Both Israel and Hamas in the Gaza strip agreed to an Egypt-brokered ceasefire on May 21. Many see it as the calm before the storm, or ‘hot peace’, to quote former US ambassador to Russia Michael McFaul. Peace in the Holy Land seems ephemeral. Israel often blames Hamas militants for starting the provocation, but that seems to be a symptom and not the cause.
To elucidate, let me begin with this example.
Not many would have heard the town Nogales. In fact there are two towns with the same name. The two Nogales are identical: both towns have a Spanish-speaking Hispanic majority, both towns have an identical arid weather, they have the same culture and even celebrate Cinco de Mayo. That’s where the similarities end — and the difference start to widen when it comes to economic indicators.
One of the Nogales’ has a higher purchasing power parity, it has better health facilities, lower crime rate, better infrastructure and is high on the human development index. That Nogales is a town in Arizona, in the United States, while the other Nogales, the weaker twin, is in Sonora, Mexico. This is how economists Daron Acemoglu and James A Robinson’s book Why Nations Fail opens.
Their belief is that institutions and their efficacy and robustness are a precursor for economic success. Transpose this argument to the Korean peninsula, where North Korea and South Korea share a certain homogeneity with language, culture and climate and yet the differences are stark.
Nogales or the Korean peninsula are good examples to explain Palestine’s current political and economic quagmire.
For those who advocate a two-state solution, pointing out that Israeli settlements are illegal as per international law, a constant pushback is that the bogeyman Hamas is to blame for everything — and yes, Hamas is problematic. However, the Hamas was created only in the late 1980s and now remains in control in the Gaza strip and not in the West Bank. The Israel-Palestine conflict predates the Hamas.

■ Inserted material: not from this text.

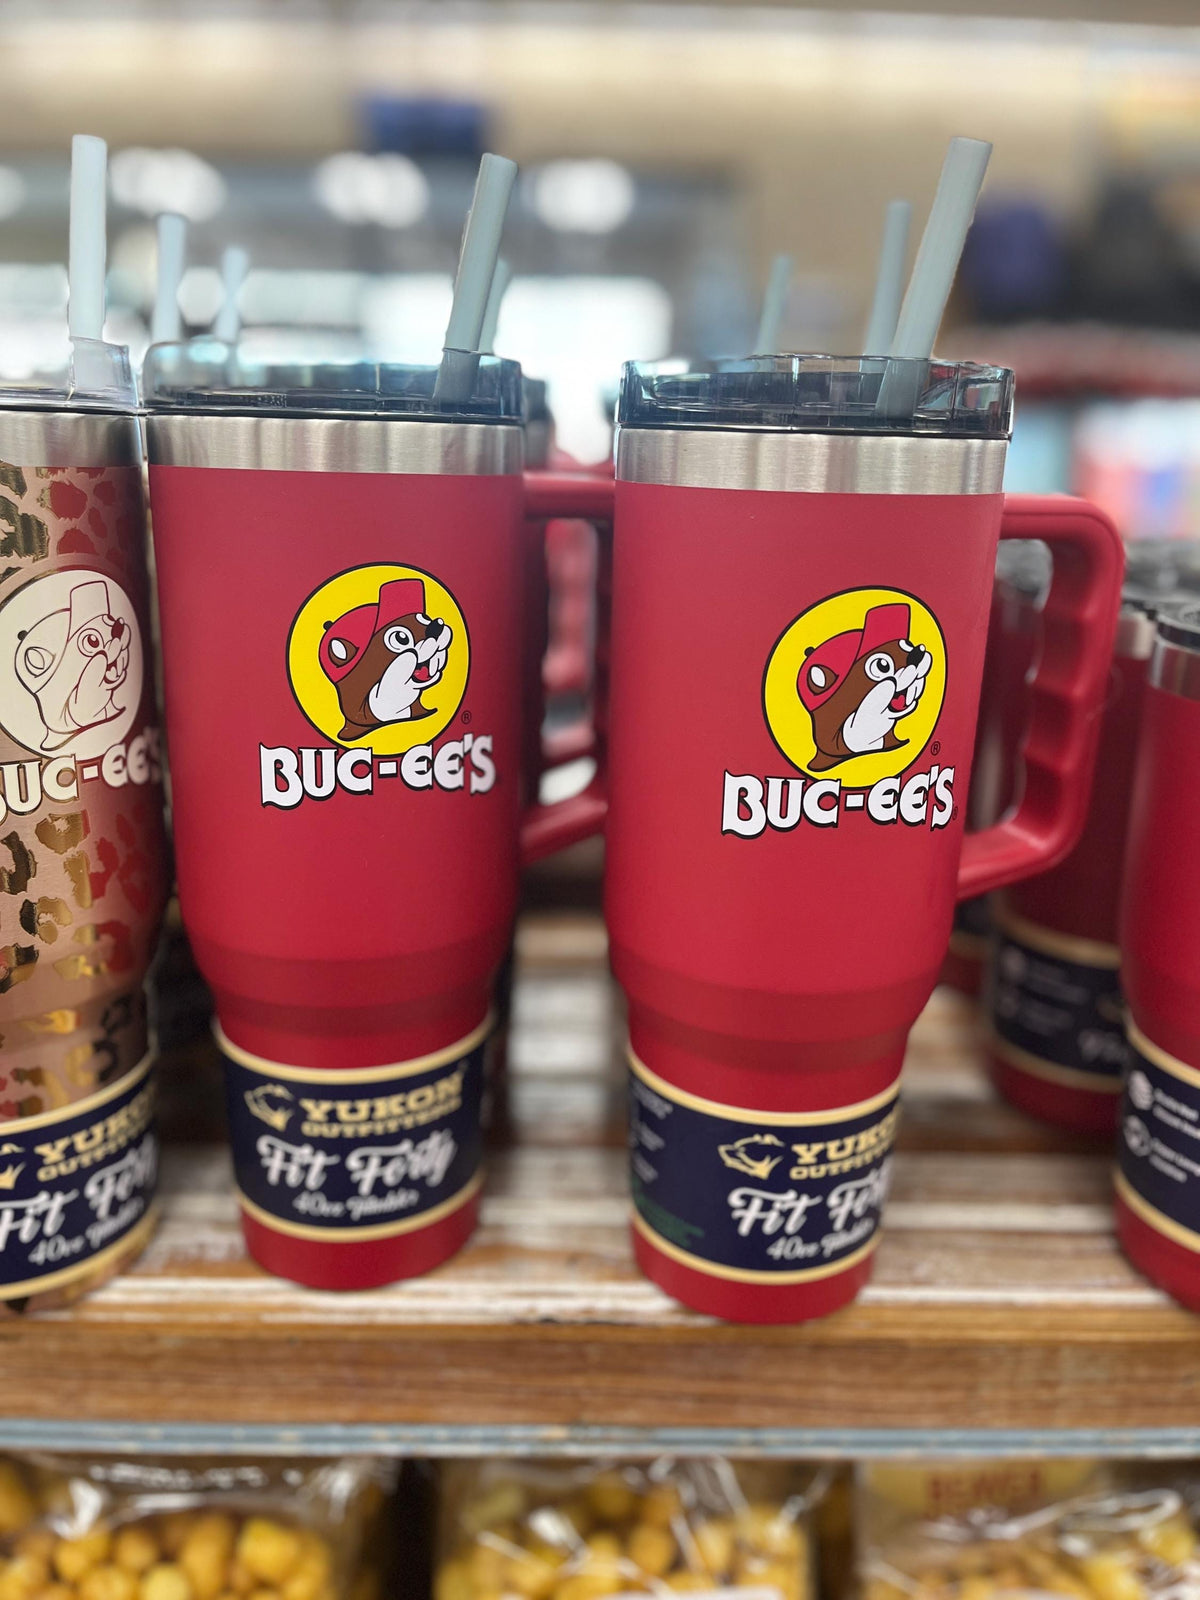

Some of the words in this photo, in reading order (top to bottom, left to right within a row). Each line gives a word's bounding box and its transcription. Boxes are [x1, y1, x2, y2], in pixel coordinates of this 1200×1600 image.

Another argument is that if Israel were to vacate the West Bank and remove its troops, what guarantee is there of the West Bank not turning into a Gaza or Lebanon with hostile actors? Then one is reminded of how even the Fatah is corrupt, and that Mahmoud Abbas is in the 16th year of his four-year term, all the while enriching his personal coffers.
The arguments from Tel Aviv allude that if only the Palestinians had more decisive, effective leadership, there would be a stronger prospect for peace.
The harsh reality is that Palestinians today don’t have full rights, proper citizenship and can’t avail the land’s full benefits. A wall, a throwback to Berlin Wall days, separates most of the West Bank from the Israeli side. Take the example of Dabaa, a village where schools and homes were removed to make way for the wall. Palestinian villagers are not given access to harvest their olives once their main source of livelihood. The annexation of the fertile Jordan Valley means the Palestinians can’t get access to water from the Jordan River, hurting their agriculture, while Israeli settlers get twice the amount of water.
As evinced in Sheikh Jarrah, the wall and the occupation has led to more Palestinian families losing their homes, and their livelihoods. The economy is further suffocated as more illegal settlements result in more land grabs.
The frustration of losing one’s land, of being treated as second-class citizens in their own country, and the frustration and angst of being under constant occupation has turned the region into a tinderbox.
Coming back to the ‘Why Nations Fail’ argument: if the Palestinians — who have been under occupation for three generations now — are deprived of their own resources, their movements are restricted, are often left with little legal redress, have a US that is apathetic to their plight and a rubber-stamp UN, then how will they be able to produce the sagacious stalwarts, intellectual thinkers and nation builders?It’s been well-evinced that years of constant oppression and racial injustice to members of the African American community and other minorities in the US has skewed the demographics of most of the incarcerated and members in the lower income earning groups. Today, the effects of these racial injustices in the US are an understood and accepted fact. It is the same elsewhere where there is systemic oppression, such as in South Africa then, and in Palestine now.